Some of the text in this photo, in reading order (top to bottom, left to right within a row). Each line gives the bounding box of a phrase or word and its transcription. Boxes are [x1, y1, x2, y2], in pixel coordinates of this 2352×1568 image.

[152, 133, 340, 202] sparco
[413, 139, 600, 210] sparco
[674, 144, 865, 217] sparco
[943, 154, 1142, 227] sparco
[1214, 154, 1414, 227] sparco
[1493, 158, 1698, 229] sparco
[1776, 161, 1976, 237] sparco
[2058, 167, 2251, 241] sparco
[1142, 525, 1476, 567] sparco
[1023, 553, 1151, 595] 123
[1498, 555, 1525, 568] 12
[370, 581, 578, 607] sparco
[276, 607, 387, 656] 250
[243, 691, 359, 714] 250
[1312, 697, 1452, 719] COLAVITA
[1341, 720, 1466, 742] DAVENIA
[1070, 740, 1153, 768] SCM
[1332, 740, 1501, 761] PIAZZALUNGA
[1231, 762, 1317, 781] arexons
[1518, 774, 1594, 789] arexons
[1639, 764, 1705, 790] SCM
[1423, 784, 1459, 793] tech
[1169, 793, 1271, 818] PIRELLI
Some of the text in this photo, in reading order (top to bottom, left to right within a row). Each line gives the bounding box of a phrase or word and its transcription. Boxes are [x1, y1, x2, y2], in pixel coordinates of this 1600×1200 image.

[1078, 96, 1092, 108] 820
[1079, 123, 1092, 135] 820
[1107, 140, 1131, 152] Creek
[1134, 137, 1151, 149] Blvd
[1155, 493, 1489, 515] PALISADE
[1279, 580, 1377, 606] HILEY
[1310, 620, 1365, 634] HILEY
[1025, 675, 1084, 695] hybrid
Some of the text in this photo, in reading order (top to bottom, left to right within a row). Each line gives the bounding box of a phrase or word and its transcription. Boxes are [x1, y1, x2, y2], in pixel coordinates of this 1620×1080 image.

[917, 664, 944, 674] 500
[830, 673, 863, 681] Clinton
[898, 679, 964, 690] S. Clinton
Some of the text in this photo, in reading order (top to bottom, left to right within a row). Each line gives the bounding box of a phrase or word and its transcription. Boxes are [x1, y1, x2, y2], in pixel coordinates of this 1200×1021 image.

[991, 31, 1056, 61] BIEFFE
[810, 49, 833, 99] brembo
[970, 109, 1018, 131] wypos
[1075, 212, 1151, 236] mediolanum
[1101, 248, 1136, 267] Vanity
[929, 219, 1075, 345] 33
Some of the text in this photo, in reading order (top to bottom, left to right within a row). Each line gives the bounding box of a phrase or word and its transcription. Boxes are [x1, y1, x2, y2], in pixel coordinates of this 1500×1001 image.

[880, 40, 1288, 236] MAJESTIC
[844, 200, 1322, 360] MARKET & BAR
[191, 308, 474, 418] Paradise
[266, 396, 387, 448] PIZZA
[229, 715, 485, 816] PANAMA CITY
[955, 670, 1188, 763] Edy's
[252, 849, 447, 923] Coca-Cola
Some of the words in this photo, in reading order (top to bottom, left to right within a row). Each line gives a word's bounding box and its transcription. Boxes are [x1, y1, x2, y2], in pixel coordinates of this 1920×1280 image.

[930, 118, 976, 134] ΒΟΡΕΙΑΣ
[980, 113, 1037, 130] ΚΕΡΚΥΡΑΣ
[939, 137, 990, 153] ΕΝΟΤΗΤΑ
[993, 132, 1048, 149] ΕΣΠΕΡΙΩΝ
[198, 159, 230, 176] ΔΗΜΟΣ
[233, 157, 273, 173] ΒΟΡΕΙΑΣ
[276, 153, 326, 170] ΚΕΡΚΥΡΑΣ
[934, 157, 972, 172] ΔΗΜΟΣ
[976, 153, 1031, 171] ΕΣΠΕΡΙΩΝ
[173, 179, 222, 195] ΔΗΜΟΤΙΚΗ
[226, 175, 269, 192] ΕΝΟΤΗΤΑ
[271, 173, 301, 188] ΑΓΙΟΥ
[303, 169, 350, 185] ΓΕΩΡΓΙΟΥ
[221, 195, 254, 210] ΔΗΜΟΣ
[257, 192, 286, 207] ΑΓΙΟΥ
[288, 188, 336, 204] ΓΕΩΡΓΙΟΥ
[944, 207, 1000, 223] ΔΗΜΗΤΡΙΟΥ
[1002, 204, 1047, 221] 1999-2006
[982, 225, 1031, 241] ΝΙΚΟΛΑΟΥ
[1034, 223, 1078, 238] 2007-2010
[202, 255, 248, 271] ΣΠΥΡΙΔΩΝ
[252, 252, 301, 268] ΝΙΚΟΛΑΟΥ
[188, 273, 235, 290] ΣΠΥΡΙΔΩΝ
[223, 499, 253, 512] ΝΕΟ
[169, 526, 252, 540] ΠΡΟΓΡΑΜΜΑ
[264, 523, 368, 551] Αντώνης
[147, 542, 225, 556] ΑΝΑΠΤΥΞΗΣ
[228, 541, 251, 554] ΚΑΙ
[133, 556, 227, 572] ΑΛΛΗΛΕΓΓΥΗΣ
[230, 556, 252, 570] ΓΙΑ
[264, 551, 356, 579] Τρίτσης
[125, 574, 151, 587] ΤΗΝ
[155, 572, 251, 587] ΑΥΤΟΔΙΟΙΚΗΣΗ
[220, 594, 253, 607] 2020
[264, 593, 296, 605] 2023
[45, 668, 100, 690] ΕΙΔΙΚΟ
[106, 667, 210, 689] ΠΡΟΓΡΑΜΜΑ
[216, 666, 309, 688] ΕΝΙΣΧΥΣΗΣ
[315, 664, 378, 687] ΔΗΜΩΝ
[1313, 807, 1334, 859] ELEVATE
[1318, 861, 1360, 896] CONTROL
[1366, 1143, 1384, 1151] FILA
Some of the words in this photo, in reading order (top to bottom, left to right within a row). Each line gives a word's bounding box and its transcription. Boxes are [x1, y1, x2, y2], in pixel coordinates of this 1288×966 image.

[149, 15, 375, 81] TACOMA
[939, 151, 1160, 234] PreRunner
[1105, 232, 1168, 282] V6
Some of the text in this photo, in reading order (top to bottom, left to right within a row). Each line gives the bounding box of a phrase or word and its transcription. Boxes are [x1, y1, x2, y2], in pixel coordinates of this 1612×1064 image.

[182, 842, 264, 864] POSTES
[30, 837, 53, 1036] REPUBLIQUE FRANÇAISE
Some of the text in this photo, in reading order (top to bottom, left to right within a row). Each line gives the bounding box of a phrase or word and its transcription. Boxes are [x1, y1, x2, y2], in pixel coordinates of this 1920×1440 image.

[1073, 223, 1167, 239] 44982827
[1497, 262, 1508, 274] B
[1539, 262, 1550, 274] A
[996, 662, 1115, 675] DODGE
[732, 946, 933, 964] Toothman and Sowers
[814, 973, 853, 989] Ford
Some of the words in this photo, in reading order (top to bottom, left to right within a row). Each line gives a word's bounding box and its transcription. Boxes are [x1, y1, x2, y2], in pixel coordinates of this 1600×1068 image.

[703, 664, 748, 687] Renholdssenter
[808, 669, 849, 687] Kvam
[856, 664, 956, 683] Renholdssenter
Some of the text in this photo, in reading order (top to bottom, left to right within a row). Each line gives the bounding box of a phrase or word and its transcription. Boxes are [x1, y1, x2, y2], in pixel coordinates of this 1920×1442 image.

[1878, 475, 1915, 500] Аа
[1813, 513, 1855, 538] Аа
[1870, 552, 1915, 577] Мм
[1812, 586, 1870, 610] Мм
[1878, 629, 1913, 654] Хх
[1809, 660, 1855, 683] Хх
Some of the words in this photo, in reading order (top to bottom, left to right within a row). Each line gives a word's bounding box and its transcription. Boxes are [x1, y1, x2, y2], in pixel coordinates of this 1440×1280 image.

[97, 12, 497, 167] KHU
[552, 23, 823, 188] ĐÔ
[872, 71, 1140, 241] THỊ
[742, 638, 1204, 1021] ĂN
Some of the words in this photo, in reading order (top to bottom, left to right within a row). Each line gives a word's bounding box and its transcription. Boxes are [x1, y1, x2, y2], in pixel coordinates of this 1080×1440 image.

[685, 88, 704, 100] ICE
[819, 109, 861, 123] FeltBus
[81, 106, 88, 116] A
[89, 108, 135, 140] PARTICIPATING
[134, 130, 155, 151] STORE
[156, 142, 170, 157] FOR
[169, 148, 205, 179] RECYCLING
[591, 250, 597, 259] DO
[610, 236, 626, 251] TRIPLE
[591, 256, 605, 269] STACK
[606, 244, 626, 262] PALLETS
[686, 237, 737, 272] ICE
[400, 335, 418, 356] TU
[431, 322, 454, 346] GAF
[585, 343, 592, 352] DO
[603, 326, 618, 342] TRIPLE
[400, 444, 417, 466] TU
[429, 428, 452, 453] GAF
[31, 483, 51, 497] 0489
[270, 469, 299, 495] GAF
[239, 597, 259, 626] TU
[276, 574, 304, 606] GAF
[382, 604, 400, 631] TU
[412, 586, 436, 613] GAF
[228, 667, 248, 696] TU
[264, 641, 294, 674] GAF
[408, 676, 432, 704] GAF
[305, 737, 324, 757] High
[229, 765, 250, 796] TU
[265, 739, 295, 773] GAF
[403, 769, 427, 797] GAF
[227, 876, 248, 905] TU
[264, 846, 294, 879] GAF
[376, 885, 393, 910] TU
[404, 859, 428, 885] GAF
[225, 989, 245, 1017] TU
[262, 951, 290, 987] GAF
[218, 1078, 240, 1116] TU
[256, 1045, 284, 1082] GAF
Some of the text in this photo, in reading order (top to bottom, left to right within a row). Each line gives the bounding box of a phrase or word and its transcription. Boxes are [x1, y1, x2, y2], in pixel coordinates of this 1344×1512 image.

=-=-=-=-=

• What the task requires: Quote exactly what appears from the line containing "this 1920×1442 image." through the final line of the listing above, including both of those lines.

• Problem solution:
Some of the text in this photo, in reading order (top to bottom, left to right within a row). Each line gives the bounding box of a phrase or word and its transcription. Boxes are [x1, y1, x2, y2], in pixel coordinates of this 1920×1442 image.

[1878, 475, 1915, 500] Аа
[1813, 513, 1855, 538] Аа
[1870, 552, 1915, 577] Мм
[1812, 586, 1870, 610] Мм
[1878, 629, 1913, 654] Хх
[1809, 660, 1855, 683] Хх
Some of the words in this photo, in reading order (top to bottom, left to right within a row). Each line gives a word's bounding box and its transcription. Boxes are [x1, y1, x2, y2], in pixel coordinates of this 1440×1280 image.

[97, 12, 497, 167] KHU
[552, 23, 823, 188] ĐÔ
[872, 71, 1140, 241] THỊ
[742, 638, 1204, 1021] ĂN
Some of the words in this photo, in reading order (top to bottom, left to right within a row). Each line gives a word's bounding box and its transcription. Boxes are [x1, y1, x2, y2], in pixel coordinates of this 1080×1440 image.

[685, 88, 704, 100] ICE
[819, 109, 861, 123] FeltBus
[81, 106, 88, 116] A
[89, 108, 135, 140] PARTICIPATING
[134, 130, 155, 151] STORE
[156, 142, 170, 157] FOR
[169, 148, 205, 179] RECYCLING
[591, 250, 597, 259] DO
[610, 236, 626, 251] TRIPLE
[591, 256, 605, 269] STACK
[606, 244, 626, 262] PALLETS
[686, 237, 737, 272] ICE
[400, 335, 418, 356] TU
[431, 322, 454, 346] GAF
[585, 343, 592, 352] DO
[603, 326, 618, 342] TRIPLE
[400, 444, 417, 466] TU
[429, 428, 452, 453] GAF
[31, 483, 51, 497] 0489
[270, 469, 299, 495] GAF
[239, 597, 259, 626] TU
[276, 574, 304, 606] GAF
[382, 604, 400, 631] TU
[412, 586, 436, 613] GAF
[228, 667, 248, 696] TU
[264, 641, 294, 674] GAF
[408, 676, 432, 704] GAF
[305, 737, 324, 757] High
[229, 765, 250, 796] TU
[265, 739, 295, 773] GAF
[403, 769, 427, 797] GAF
[227, 876, 248, 905] TU
[264, 846, 294, 879] GAF
[376, 885, 393, 910] TU
[404, 859, 428, 885] GAF
[225, 989, 245, 1017] TU
[262, 951, 290, 987] GAF
[218, 1078, 240, 1116] TU
[256, 1045, 284, 1082] GAF
Some of the text in this photo, in reading order (top to bottom, left to right within a row). Each line gives the bounding box of a phrase or word and its transcription. Boxes are [x1, y1, x2, y2], in pixel coordinates of this 1344×1512 image.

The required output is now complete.